There was rampant inflation, recession and mass unemployment. Huge demonstrations took place against unemployment and the government.
In 1981, Thatcher gave in to the miners as she withdrew plans to close 23 pits because the miner’s union threatened a national strike. It was their first major u-turn since 1979, which of course was just a postponement. The same year, widespread riots took place against racist policing policies and social and economic equality in over 35 cities and towns primarily in Black areas.
The Malvinas and the working class
According to polls in 1982, Thatcher was the most unpopular Prime Minister since WWII before the Malvinas war.
The most dynamic opposition to the war in the UK came from sections of the organised working class and oppressed people and nations.
After Thatcher sent the military forces against Argentina, the Liverpool Trades Council (a city-wide alliance of unions) carried a resolution that Bill Hunter, an engineering worker delegate, moved on the Malvinas war condemning the imperialist attack and supporting the right of Argentina to the islands. At that time, the Liverpool Trades Council was a powerful body representing engineering workers, transport workers, municipal workers, printers, car workers, miners, teachers etc.
An article written by Bill Hunter said, “Ö.at its meeting of some eighty delegates in April, the Liverpool Trades Council carried a resolution condemning the war and the Jingoism of Labour leaders and supporting the national right of Argentina to the Malvinas. There were no votes against the resolution, although supporters of the Militant [Committee for a Workers International] abstained, after losing an amendment.”
The article said that every “principled socialist” must seek “to rouse workers against the imperialist attack on Argentina”.
The extracts used here are from an article for the News Line, the daily paper of the Workers Revolutionary Party early in May 1982, which also gives the position of the Militant on the Malvinas, as they expressed it in Liverpool.
The Militant tendency, “had sought to divert the opposition to the war with its amendment attacking the Argentine seizure of Malvinas” In their press, they maintained the same position.
Important bodies in the Labour movement opposed the war. Among them are the Liverpool Trades Council, the Wigan Trades Council, the Lancaster Labour Party, two constituency [Labour] parties in Plymouth and several trade union branches.
Those worker activists and leaders that fought for a principled Marxist position in the working class recognised the difference between an imperialist country and an oppressed country in relation to war between such two countries. As Trotsky said, when there is a fascist dictatorship in an oppressed country – brought about by imperialism, “The defeat of England will at the same time deliver a blow to British imperialism and will give an impulse to the revolutionary movement of the British proletariat.

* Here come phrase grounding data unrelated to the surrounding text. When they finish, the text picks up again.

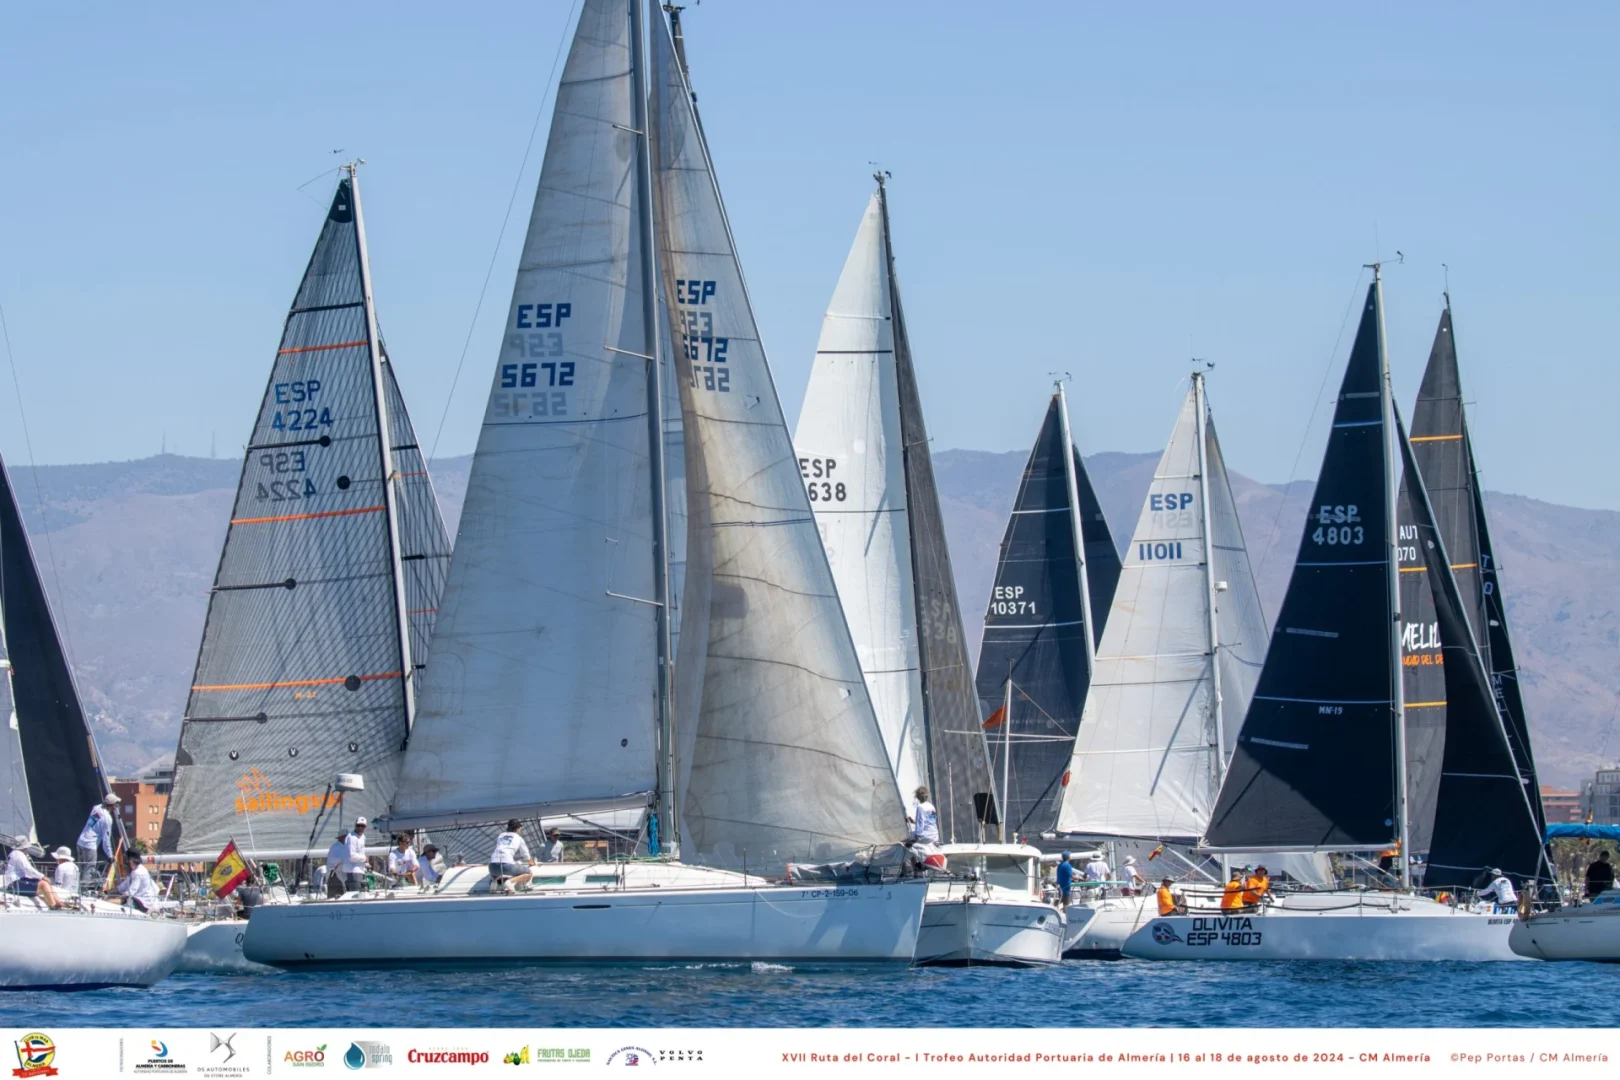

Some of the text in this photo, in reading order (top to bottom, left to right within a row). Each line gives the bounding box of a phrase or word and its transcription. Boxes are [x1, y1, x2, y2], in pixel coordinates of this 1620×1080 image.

[676, 279, 716, 305] ESP
[516, 303, 571, 329] ESP
[501, 362, 575, 388] 5672
[275, 379, 321, 404] ESP
[272, 407, 334, 432] 4224
[799, 458, 837, 478] ESP
[808, 482, 846, 502] 638
[1150, 493, 1193, 511] ESP
[1319, 504, 1358, 524] ESP
[1312, 526, 1364, 546] 4803
[1139, 542, 1182, 560] 11011
[994, 586, 1024, 599] ESP
[990, 601, 1036, 615] 10371
[1192, 917, 1252, 931] OLIVITA
[1187, 932, 1262, 945] ESP 4803
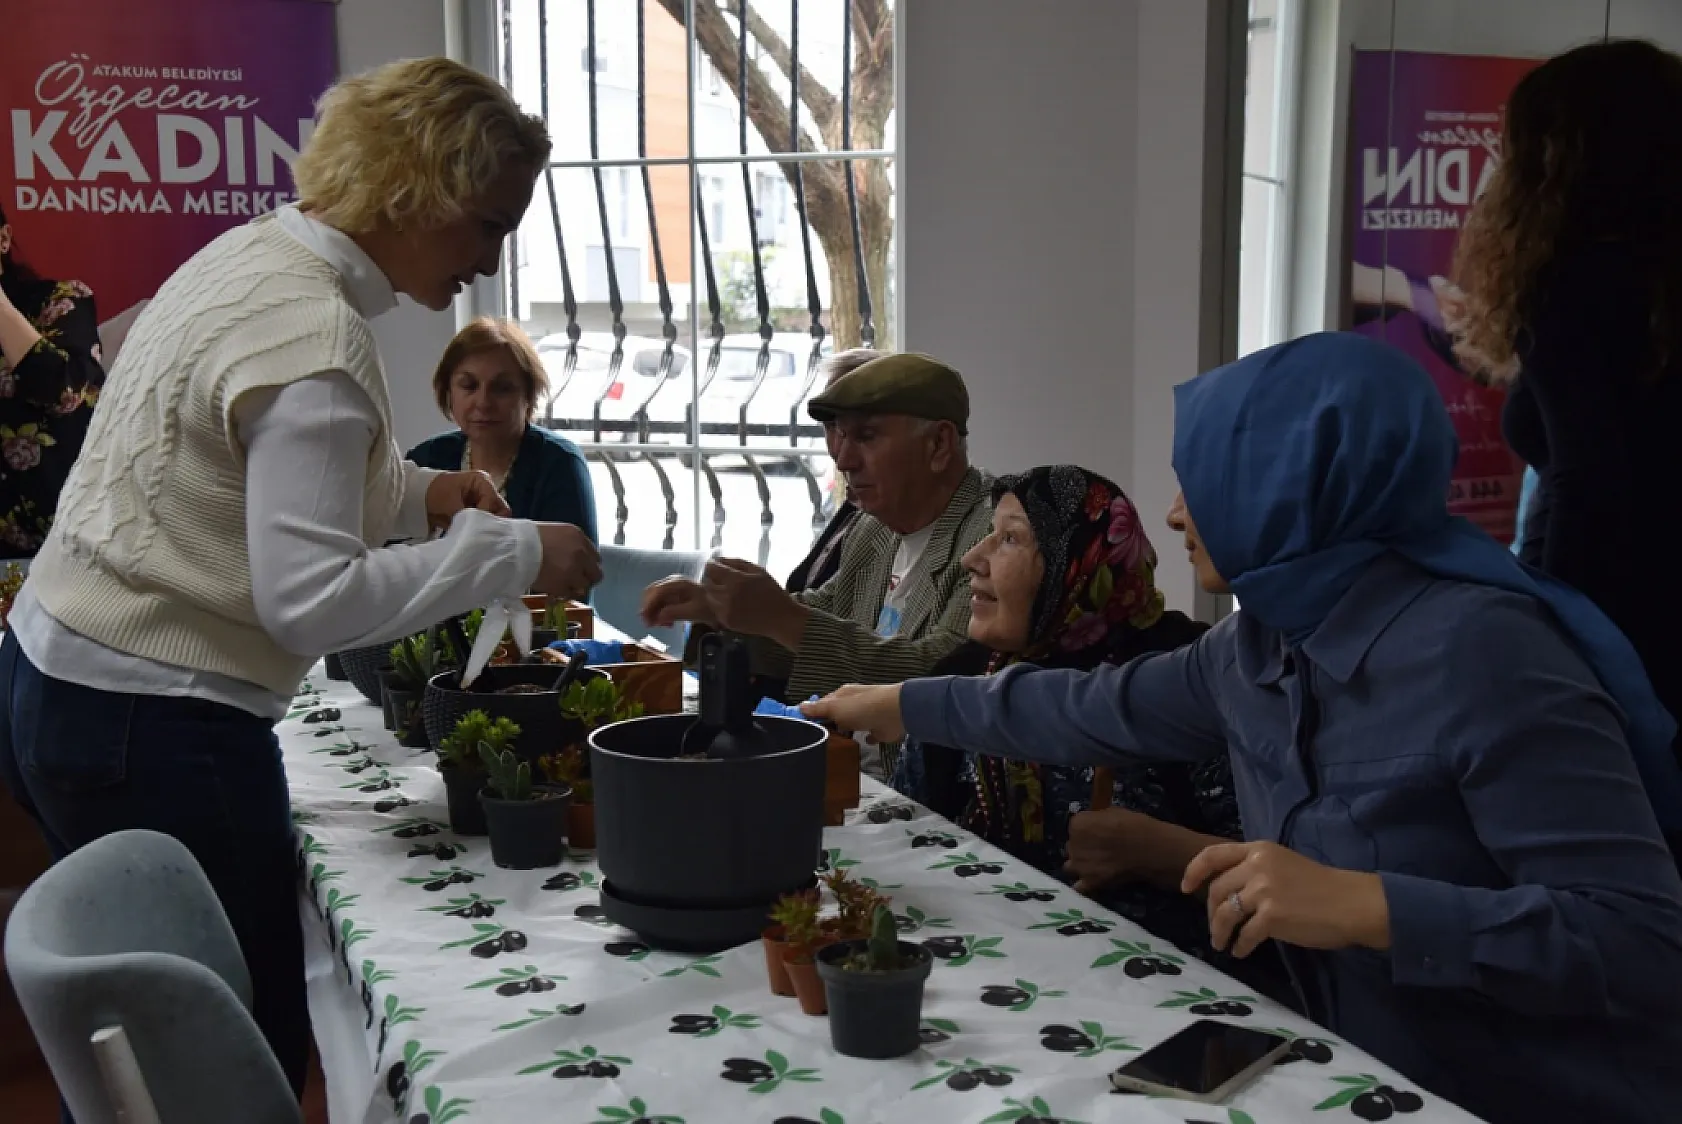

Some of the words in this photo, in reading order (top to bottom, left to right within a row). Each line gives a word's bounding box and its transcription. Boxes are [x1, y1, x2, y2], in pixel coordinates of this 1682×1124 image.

[92, 65, 158, 78] ATAKUM
[162, 66, 243, 81] BELEDİYESİ
[34, 52, 260, 149] Özgecan
[11, 110, 315, 186] KADIN
[16, 186, 172, 215] DANIŞMA
[183, 190, 299, 216] MERKE
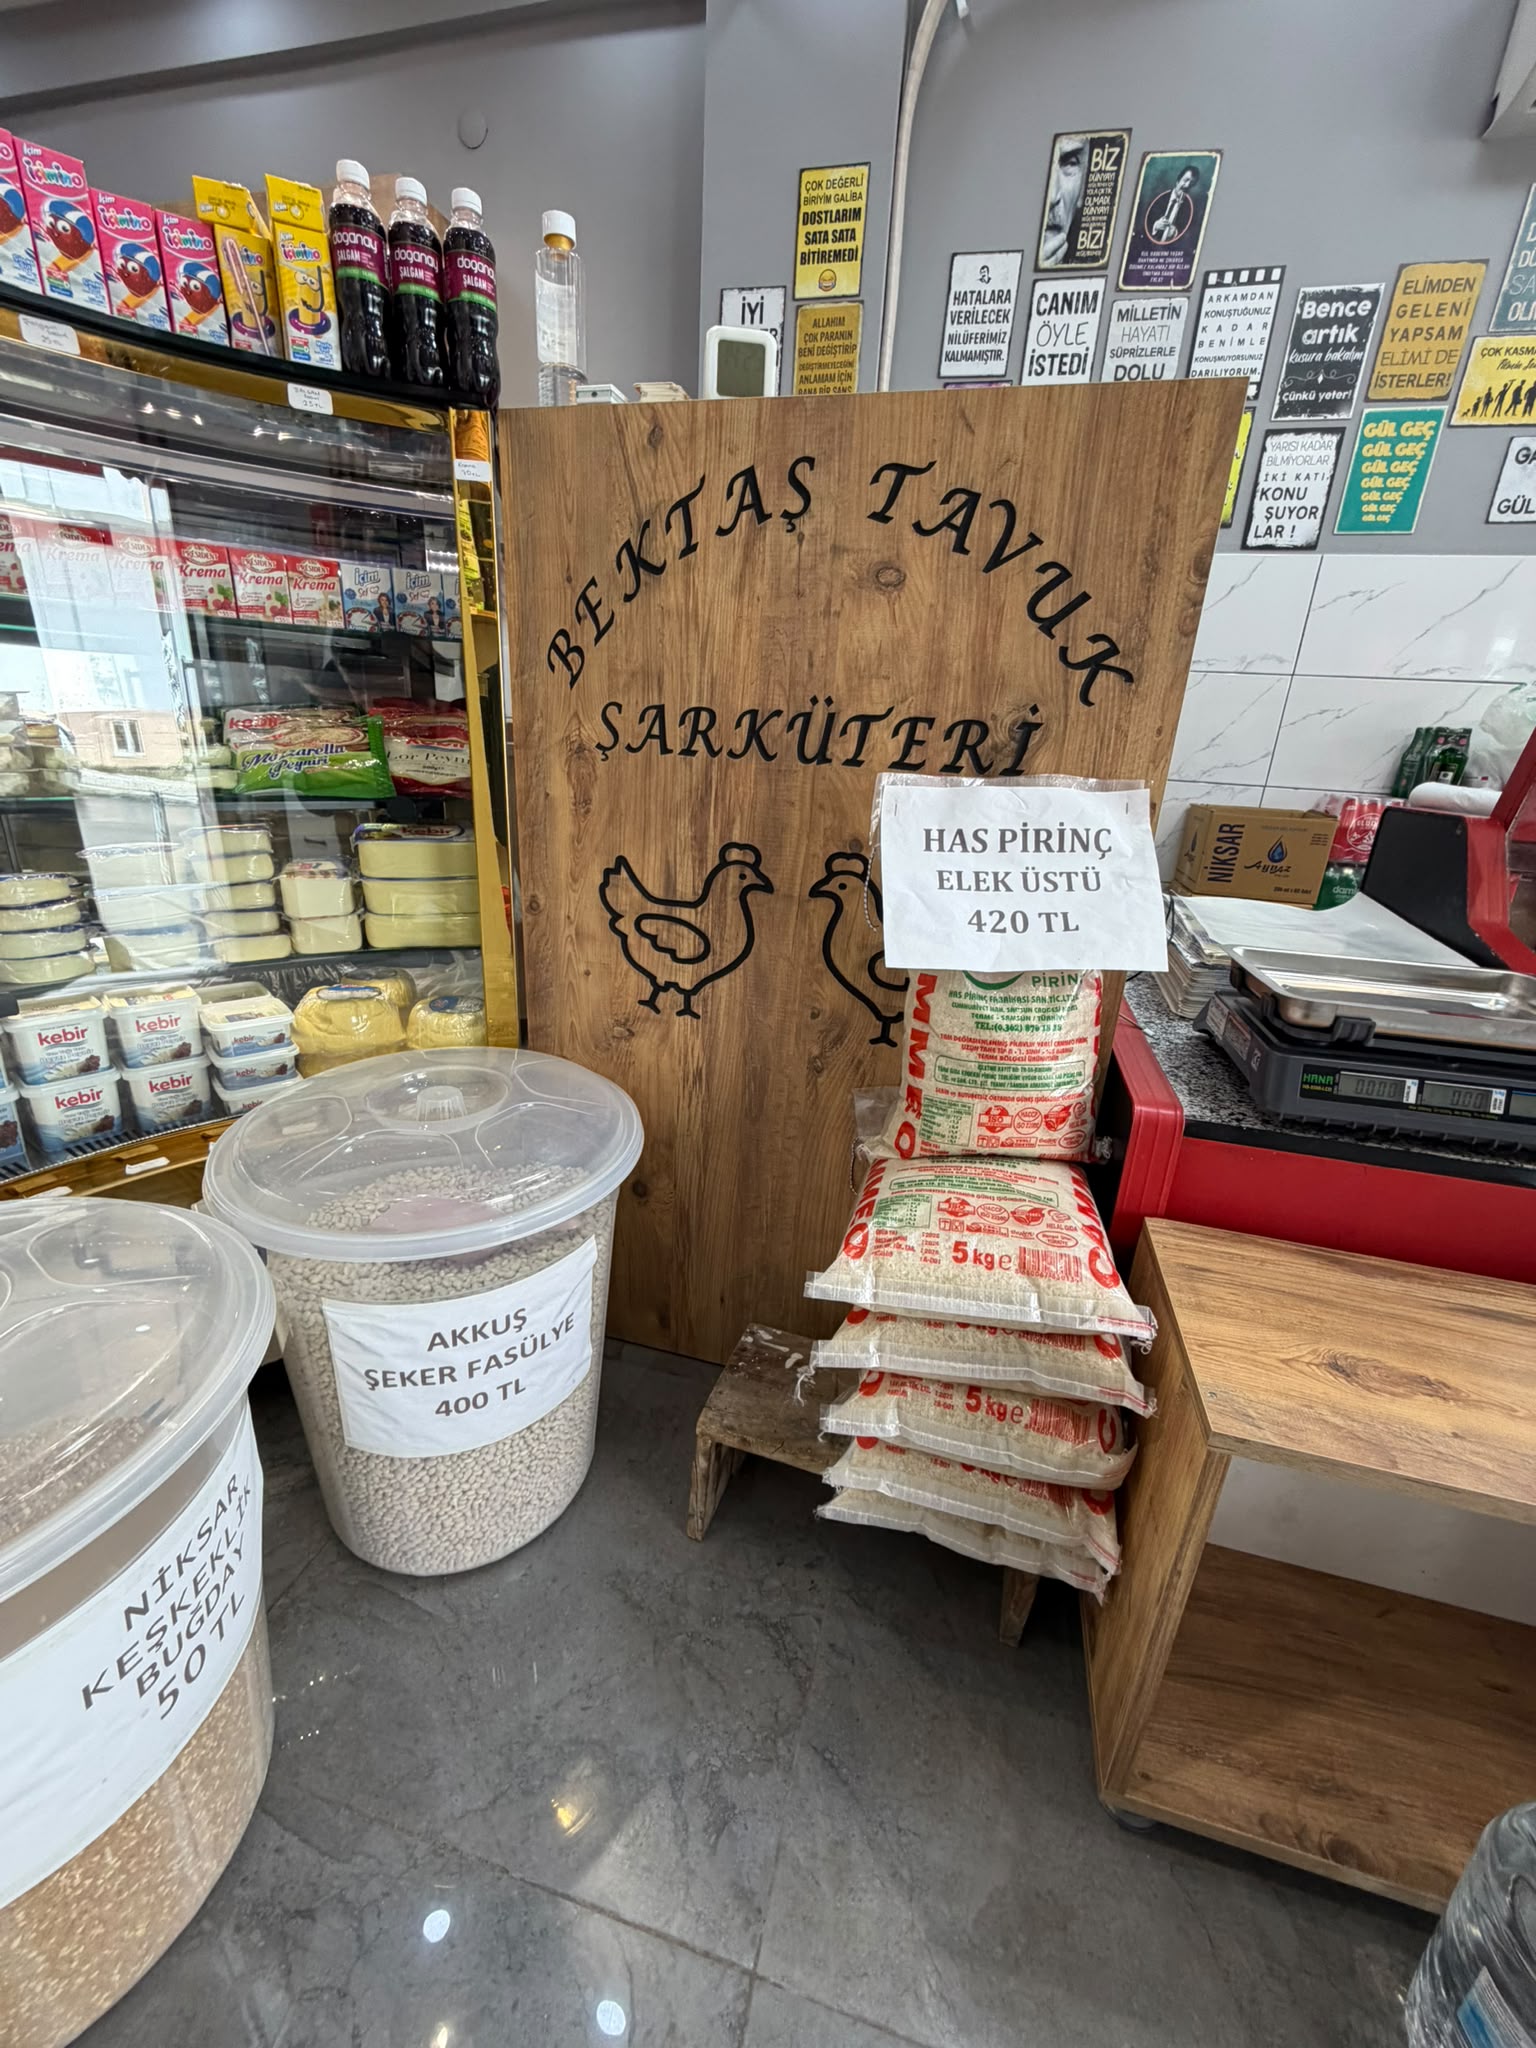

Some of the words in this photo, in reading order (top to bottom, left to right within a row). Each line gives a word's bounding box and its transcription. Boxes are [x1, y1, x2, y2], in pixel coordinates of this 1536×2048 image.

[1090, 143, 1120, 172] BİZ
[805, 180, 823, 193] ÇOK
[826, 173, 864, 190] DEĞERLİ
[804, 194, 831, 206] BİRİYİM
[834, 190, 863, 203] GALİBA
[802, 207, 861, 225] DOSTLARIM
[805, 231, 829, 245] SATA
[832, 228, 856, 243] SATA
[1077, 226, 1105, 249] BİZİ
[337, 250, 360, 262] ŞALGAM
[800, 246, 858, 265] BİTİREMEDİ
[400, 266, 424, 280] ŞALGAM
[463, 274, 486, 289] ŞALGAM
[1402, 276, 1476, 295] ELİMDEN
[953, 289, 1011, 306] HATALARA
[1036, 290, 1099, 316] CANIM
[1208, 292, 1274, 304] ARKAMDAN
[741, 296, 764, 324] İYİ
[950, 307, 1011, 325] VERİLECEK
[1117, 302, 1182, 322] MİLLETİN
[1204, 306, 1272, 318] KONUŞTUĞUNUZ
[1302, 299, 1372, 319] Bence
[1396, 298, 1471, 318] GELENİ
[812, 316, 845, 328] ALLAHIM
[1201, 322, 1268, 333] KADAR
[804, 332, 819, 345] ÇOK
[820, 330, 852, 342] PARANIN
[948, 329, 1007, 345] NİLÜFERİMİZ
[1036, 321, 1089, 347] ÖYLE
[1121, 325, 1170, 342] HAYATI
[1302, 324, 1359, 345] artık
[1390, 326, 1463, 343] YAPSAM
[799, 345, 815, 358] BENİ
[816, 342, 857, 358] DEĞİŞTİRİP
[1198, 337, 1266, 348] BENİMLE
[945, 349, 1004, 365] KALMAMIŞTIR.
[1110, 345, 1176, 359] SÜPRİZLERLE
[1194, 353, 1263, 363] KONUŞMUYORSUNUZ
[1380, 349, 1431, 366] ELİMİ
[1435, 350, 1459, 364] DE
[1481, 347, 1503, 359] ÇOK
[1028, 347, 1089, 376] İSTEDİ
[800, 373, 835, 384] ANLAMAM
[837, 370, 852, 388] İÇİN
[1114, 363, 1165, 381] DOLU
[1191, 367, 1261, 377] DARILIYORUM.
[1374, 371, 1451, 388] İSTERLER!
[1282, 390, 1315, 404] çünkü
[1319, 390, 1352, 405] yeter!
[1364, 420, 1396, 438] GÜL
[1401, 421, 1437, 441] GEÇ
[1270, 441, 1299, 452] YARISI
[1301, 440, 1334, 451] KADAR
[1362, 442, 1392, 457] GÜL
[1395, 442, 1428, 460] GEÇ
[1266, 455, 1330, 466] BİLMİYORLAR
[1361, 460, 1388, 474] GÜL
[1390, 460, 1419, 476] GEÇ
[1264, 472, 1287, 482] İKİ
[1361, 476, 1384, 488] GÜL
[1386, 477, 1411, 490] GEÇ
[1260, 487, 1308, 501] KONU
[1361, 491, 1380, 502] GÜL
[1383, 492, 1404, 503] GEÇ
[1265, 506, 1319, 523] ŞUYOR
[1254, 525, 1285, 538] LAR
[1290, 525, 1296, 538] !
[114, 556, 164, 570] Krema
[179, 565, 226, 578] Krema
[239, 572, 283, 585] Krema
[293, 578, 336, 590] Krema
[547, 456, 816, 690] BEKTAŞ
[866, 460, 1134, 707] TAVUK
[595, 695, 1044, 776] ŞARKÜTERİ
[241, 744, 346, 770] Mozzarella
[387, 752, 418, 760] Lor
[269, 756, 328, 779] Peyniri
[923, 828, 988, 854] HAS
[998, 821, 1112, 860] PİRİNÇ
[1204, 824, 1245, 882] NİKSAR
[937, 870, 1014, 892] ELEK
[1020, 867, 1101, 892] ÜSTÜ
[968, 909, 1029, 934] 420
[1038, 912, 1080, 933] TL
[1032, 972, 1082, 988] PİRİN
[136, 1015, 181, 1034] kebir
[38, 1026, 88, 1046] kebir
[233, 1034, 254, 1044] kebir
[236, 1068, 257, 1078] kebir
[1304, 1073, 1334, 1085] HANA
[149, 1074, 193, 1093] kebir
[55, 1089, 103, 1110] kebir
[988, 1115, 1004, 1123] ISO
[952, 1241, 968, 1264] 5
[973, 1248, 995, 1271] kg
[427, 1308, 527, 1352] AKKUŞ
[364, 1366, 457, 1391] ŞEKER
[467, 1312, 575, 1379] FASÜLYE
[434, 1392, 489, 1417] 400
[496, 1378, 526, 1401] TL
[966, 1386, 982, 1413] 5
[985, 1396, 1007, 1421] kg
[124, 1474, 238, 1632] NİKSAR
[81, 1475, 251, 1711] KEŞKEKLİK
[136, 1532, 245, 1699] BUĞDAY
[158, 1644, 206, 1720] 50
[210, 1592, 245, 1642] TL

Truly, one must have an empty head to reduce world antagonisms and military conflicts to the struggle between fascism and democracy. Under all masks, one must know how to distinguish exploiters, slave-owners, and robbers!”.2
The opposition that existed in some sections of the working class and the Black and ethnic minorities was strong, such as amongst Pakistani youth in Coventry.
The Welsh weekly newspapers in the valleys of Snowdonia published articles condemning the war and supporting Argentina. Similar voices could be heard in Scotland and Ireland.
Britain is an imperialist nation and in a war against oppressed nations, no matter the type of government in the oppressed nation under attack we oppose the British warmongers. At the same time we support the working class in the oppressed nation. That is part of our internationalist stance in relation to the national question.